Majority Minority

It isn’t hard to find silly Facebook advocacy groups. Pepperoni Roll awareness groups, Groups refusing to pass along chain letters, “I Secretly Want To Punch Slow Walking People In The Back Of The Head“, Citizens against Photoshopped Santa Hats, Hey, Facebook, breastfeeding is not obscene!(Official petition to Facebook), Petitions for and against things, A million for the old Facebook, 1,000,000 for [insert candidate here]… whatever. They’re designed as badges of support, camraderie, and occasionally information and action. While some of them are trivial, they’re usually things that aren’t too obvious or included in your basic profile.

Then I saw that a friend had joined “I bet I CAN find 10,000,000 Christians on Facebook“.

Facebook has some 130,000,000 plus unique users. Approximately 80% of US citizens identify themselves as Christian… so even if only a quarter of Facebook’s users are in the US, it should be trivial to find ten million Christians. And that’s simply people who will join a “group” with no cost to themselves. Out of all the things that have gotten people in trouble on Facebook over the last few years, identifying as a Christian isn’t one of them.
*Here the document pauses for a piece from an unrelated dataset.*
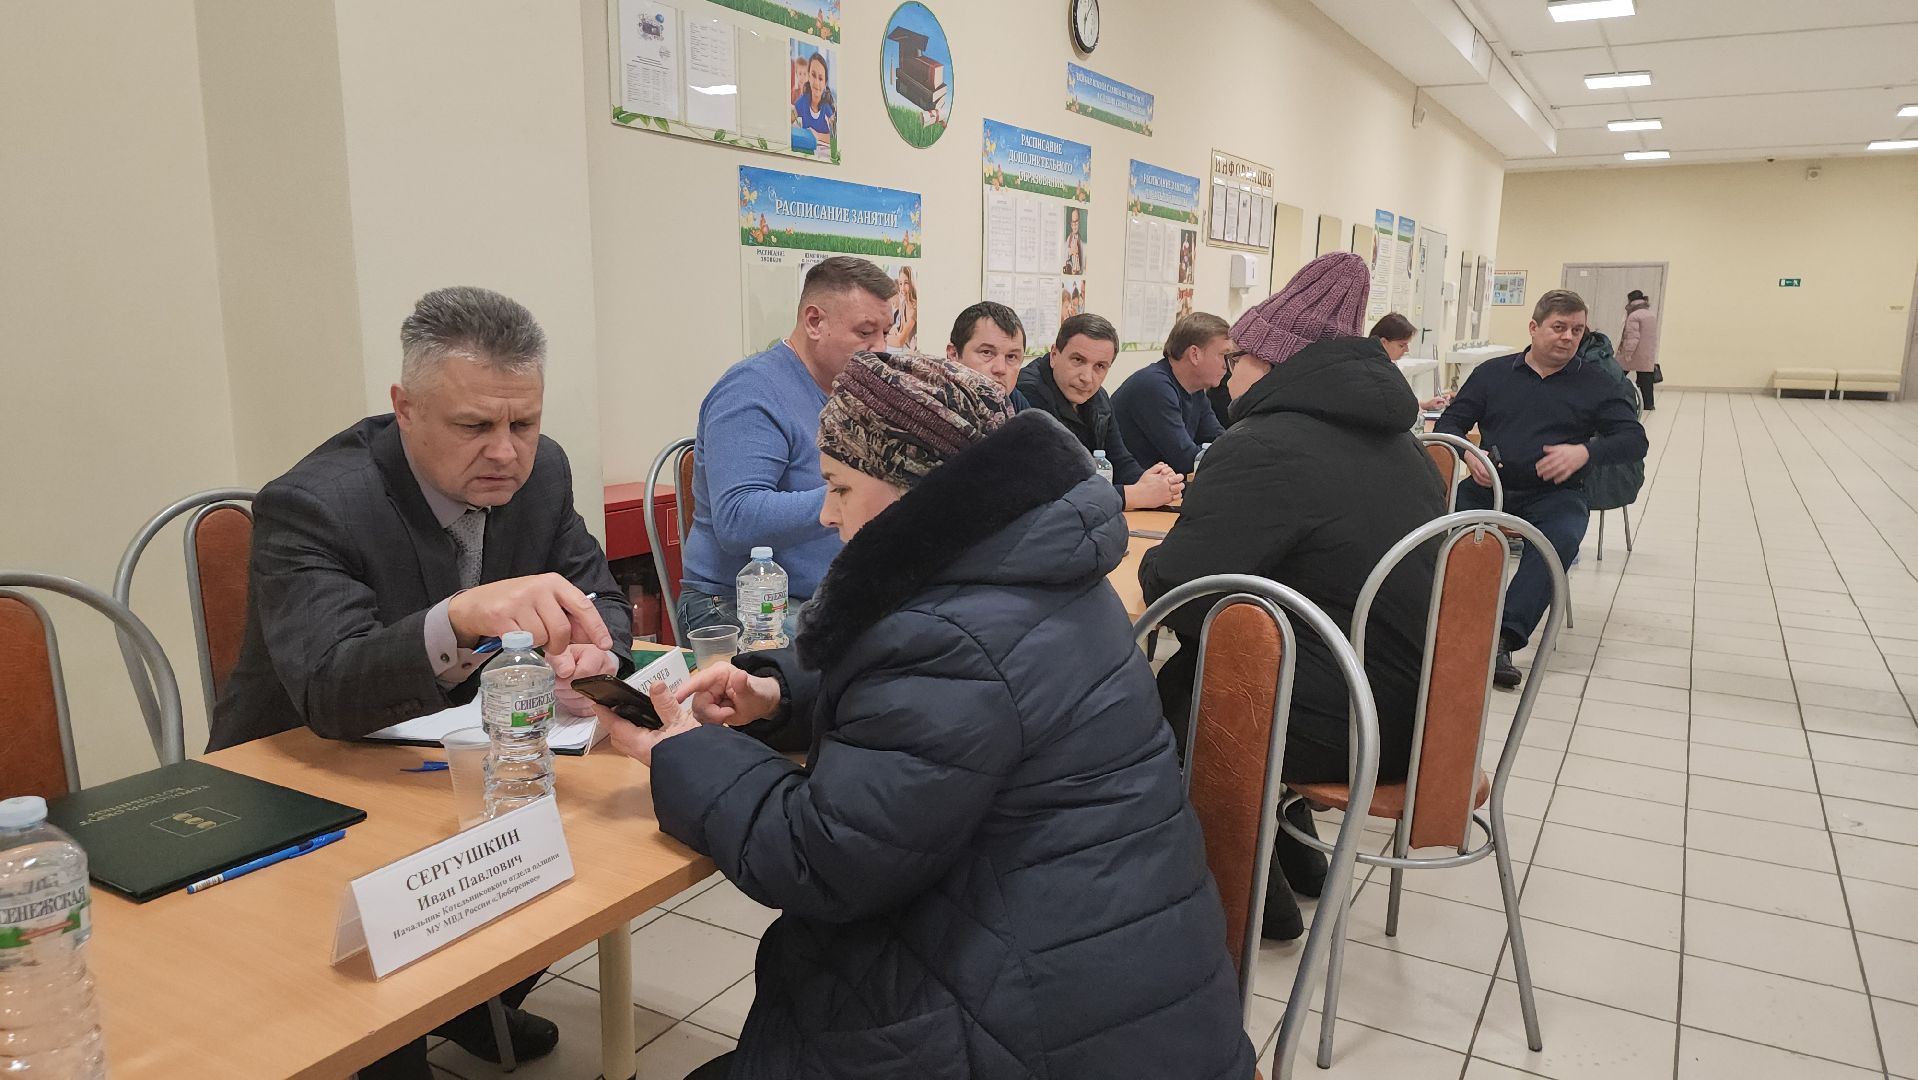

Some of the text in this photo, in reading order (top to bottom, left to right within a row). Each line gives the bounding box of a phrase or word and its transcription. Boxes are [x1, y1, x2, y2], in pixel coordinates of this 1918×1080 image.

Which highlights exactly how meaningless this is. Having met “Christians” who were far less morally sound than the Pastafarians and Discordians I’ve known, simply identifying yourself as a Christian doesn’t mean you actually live by those principles [1]. This isn’t a secret – so presumably the people who set up the group knew it as well.

So what’s the point? As I hinted above, Facebook groups are frequently used to indicate a measure of support for something that isn’t readily obvious… or the level of support for something that is percieved to be in the minority view.

Yet statistically, nominal Christians are the majority in any US dominated group… including Facebook.

I can only extrapolate that this group (and the people in it) believe themselves a minority, even though they aren’t. [2] Which is frightening.

It’s frightening because they might soon be. It won’t be long before the WASP elite are a minorty – and it seems that “traditional” repressive Christianity is on a downward slide. [3] This raises the nasty thought:

If they’re already getting defensive, while they’re still a vast majority, what’s going to happen when they are not the majority any more?

Update In between the time I wrote this and now, when I’m posting it, a status update I’d made got this response:

You could look at that way or as letting the world know there are millions of Christians in the U.S. A country where a minority of people are trying to take God out of everything. When now is the the time our country needs God’s help and direction probably more than ever before.

I think I’ll just put my whole response to that below:

Wow, [REDACTED] – you know different people than I do. Maybe I’m being defensive ’cause I’ve been accused of being such a person, but it’s not true. I mean, I wouldn’t make an evangelical Christian say a decade of the Rosary, and I’d be mighty upset if an atheist told a Muslim they couldn’t pray to Allah. Or the reverse of any of those, really. You shouldn’t be forced to pray any certain way – and neither should those who are in the minority. And our government should represent *all* of us, right? So I hope they wouldn’t force you or I to pray any particular way, and let it leave it to each of us. Matthew 6:5, y’know.

So, like I said… if there’s this kind of strong response when they’re simply not the only acceptable game in town, what’s going to happen when they’re a real minority?

[1] Assuming you can agree on what “Christian” principles are. If you think it’s easy, try getting a liberation theology Catholic and a Calvinist to agree on moral behavior in regards to money, okay?
[2] Your particular denomination might be a minority, but that’s not what the group says. If you want to argue what being a “True Christian” means, go read Living Biblically first, okay?
[3] Repressing OTHERS. You can go be an ascetic monk or nun; you have no right to force me to live by your religious principles, just like I can’t make you celebrate Talk Like A Pirate Day.